Work task: Set down the data again exactly. Pictures are not part of the copy.

(Records drawn from a dataset)
◆ ◆ ◆

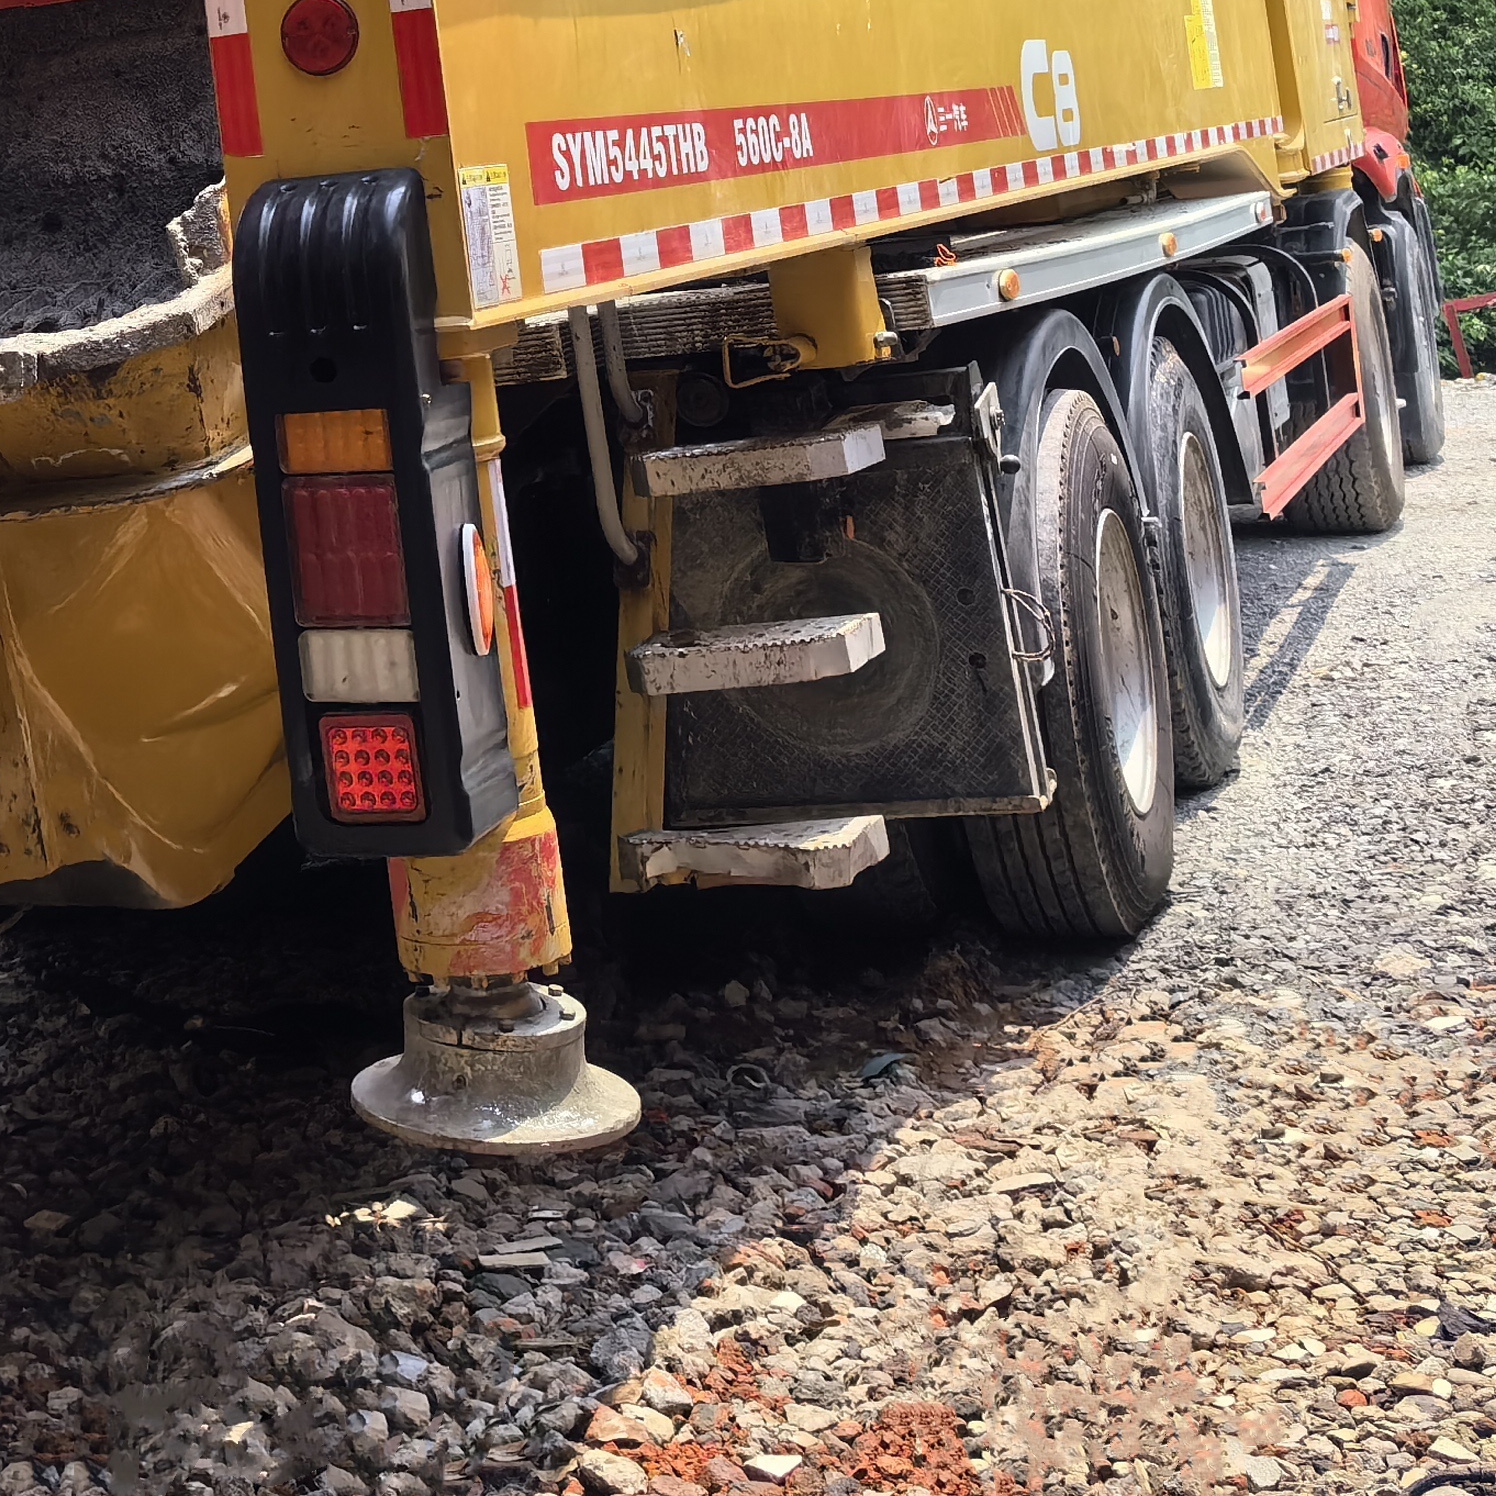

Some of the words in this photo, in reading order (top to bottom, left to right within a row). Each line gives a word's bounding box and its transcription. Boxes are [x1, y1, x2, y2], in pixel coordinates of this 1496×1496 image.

[1020, 39, 1081, 152] C8
[551, 122, 710, 191] SYM5445THB
[733, 112, 814, 167] 560C-8A
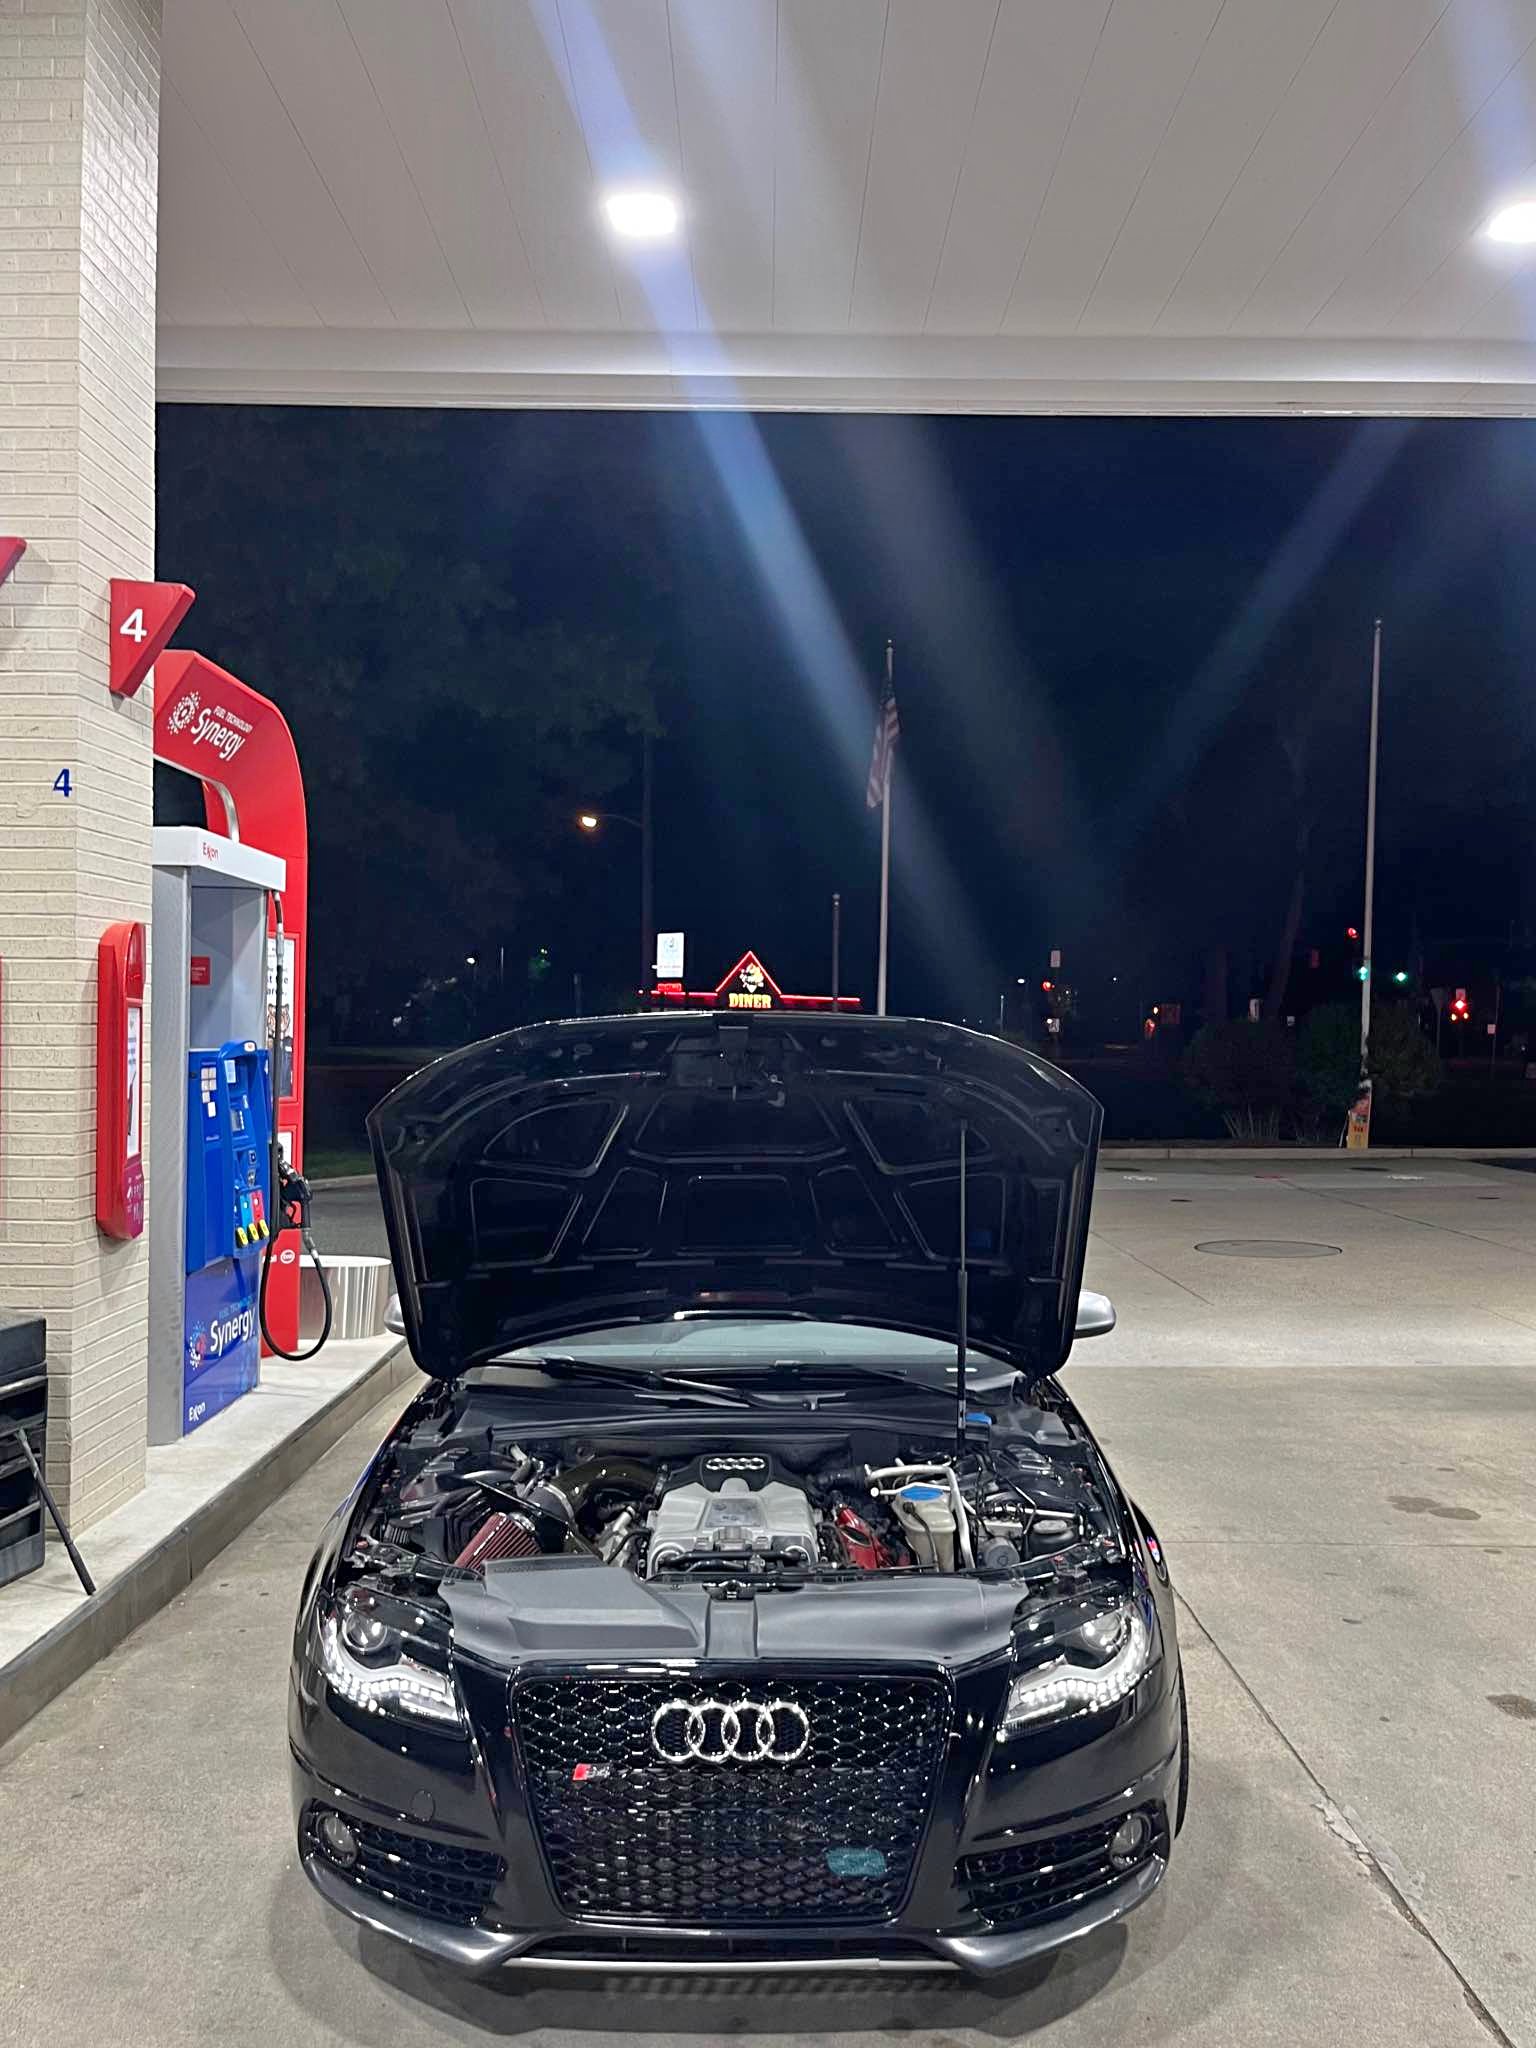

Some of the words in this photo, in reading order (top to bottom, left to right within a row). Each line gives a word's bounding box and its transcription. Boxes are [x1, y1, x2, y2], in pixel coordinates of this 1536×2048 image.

[119, 608, 147, 643] 4
[190, 707, 246, 762] Synergy
[53, 768, 73, 797] 4
[728, 993, 772, 1009] DINER
[210, 1306, 256, 1356] Synergy
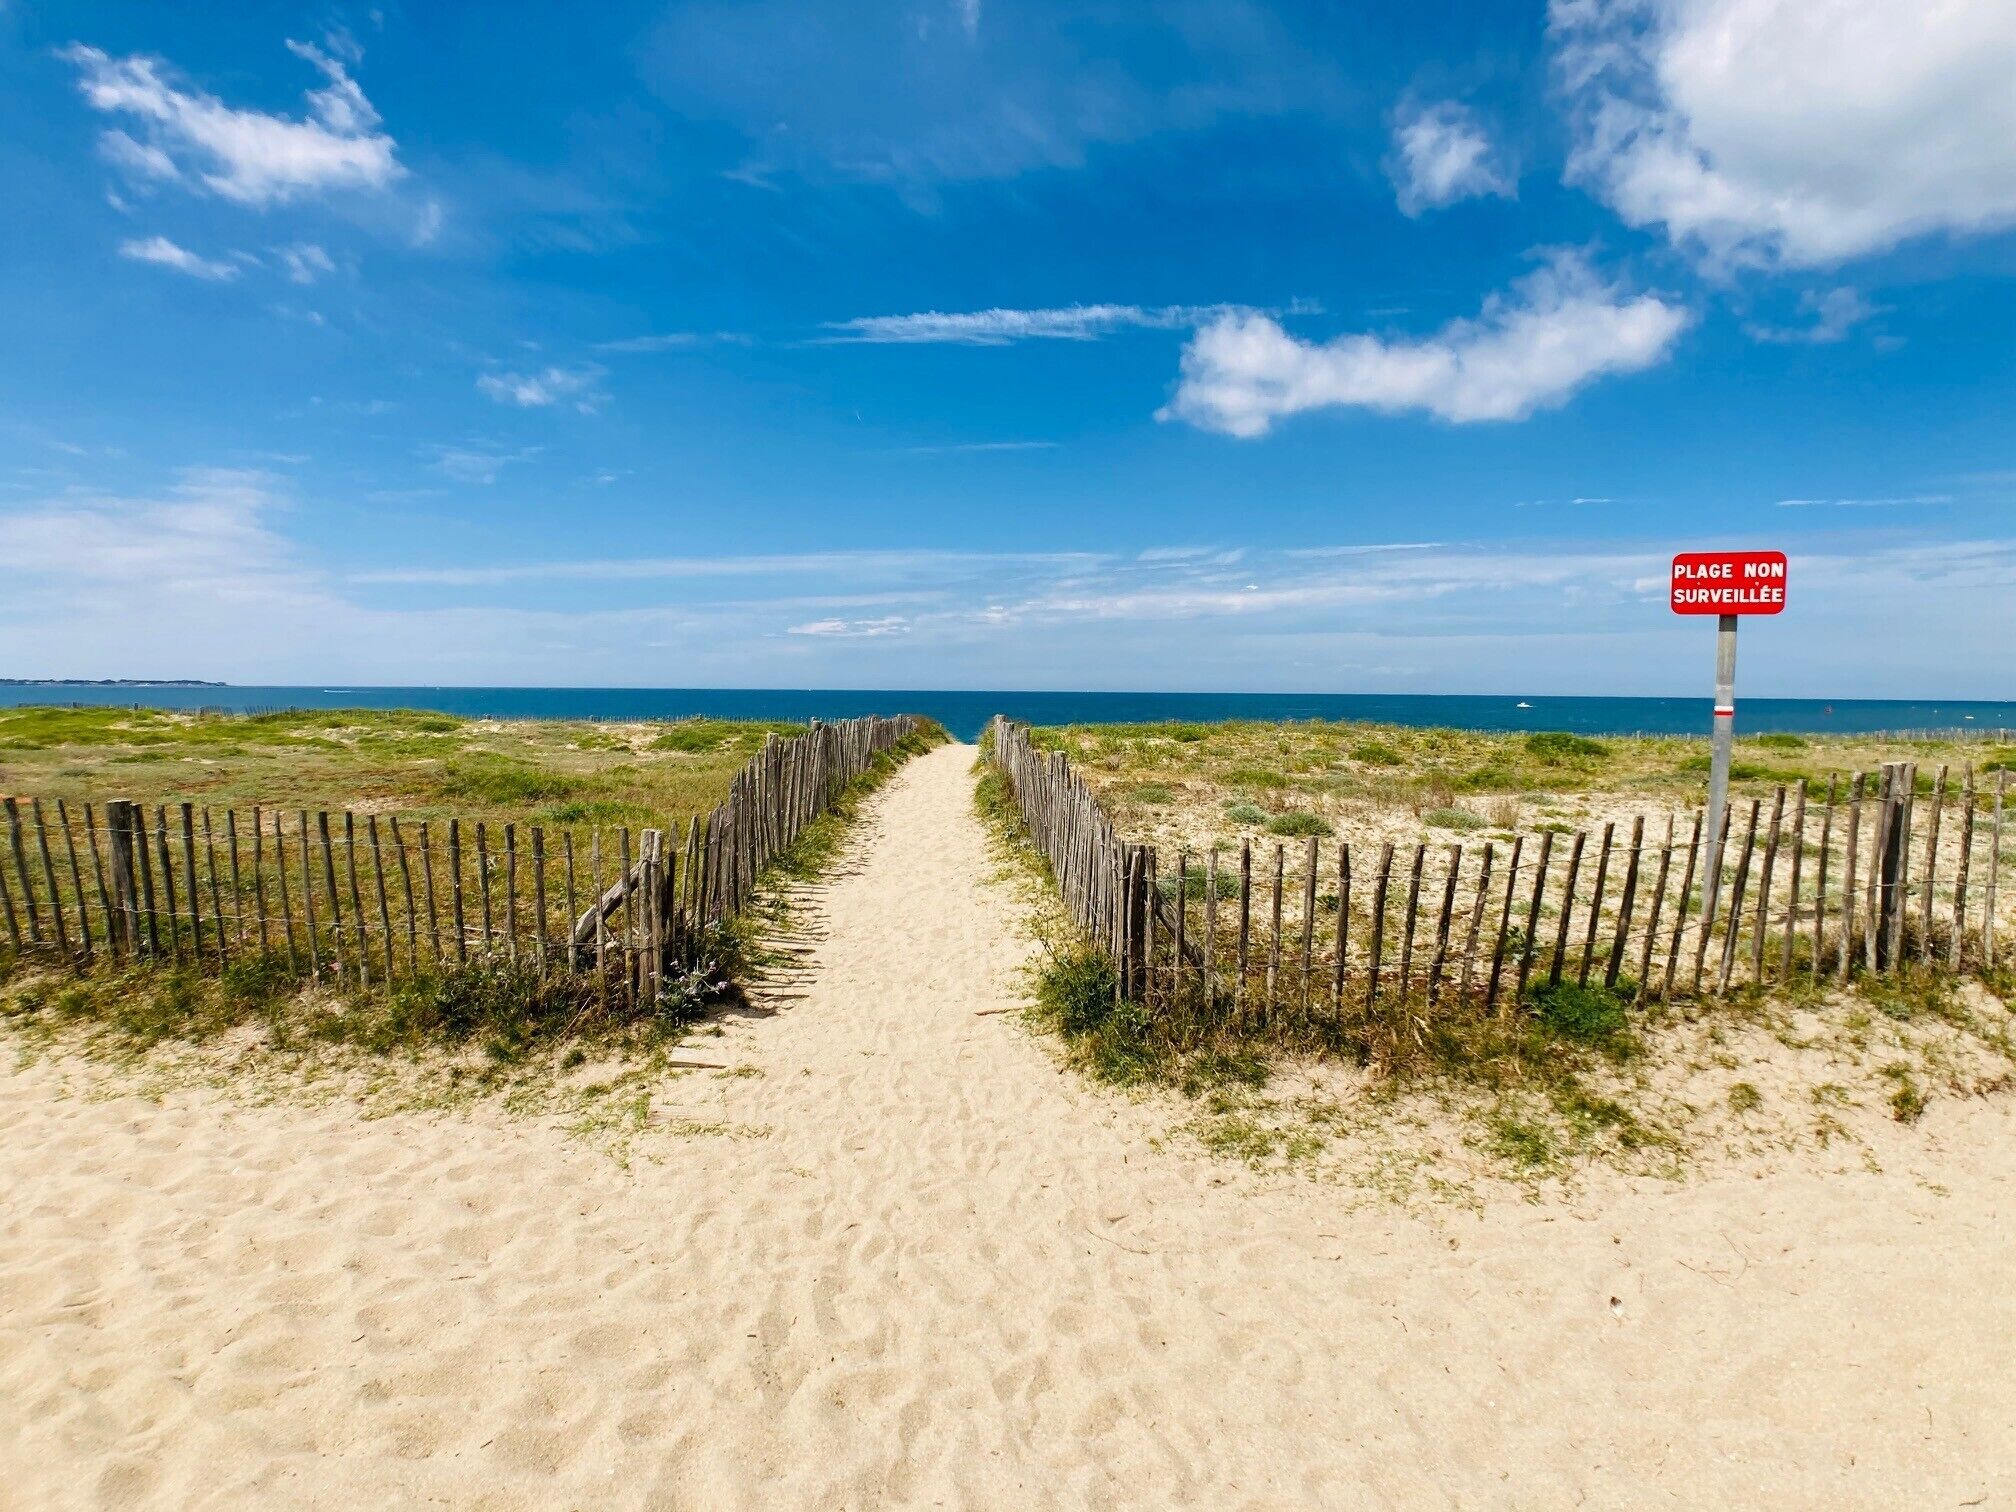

◆ ◆ ◆

Task solution:
Some of the words in this photo, in reading order (top to bottom, left to right within a row). Each line gives a word's bounding box and its transcription. Boxes are [x1, y1, x2, y2], in pixel coordinates of this 1496×1496 image.

[1020, 39, 1081, 152] C8
[551, 122, 710, 191] SYM5445THB
[733, 112, 814, 167] 560C-8A

Some of the words in this photo, in reading order (top to bottom, left to right within a row). Each line gives a word's bounding box and its transcription. Boxes are [x1, y1, x2, y2], in pixel coordinates of this 1536×2048 image.

[119, 608, 147, 643] 4
[190, 707, 246, 762] Synergy
[53, 768, 73, 797] 4
[728, 993, 772, 1009] DINER
[210, 1306, 256, 1356] Synergy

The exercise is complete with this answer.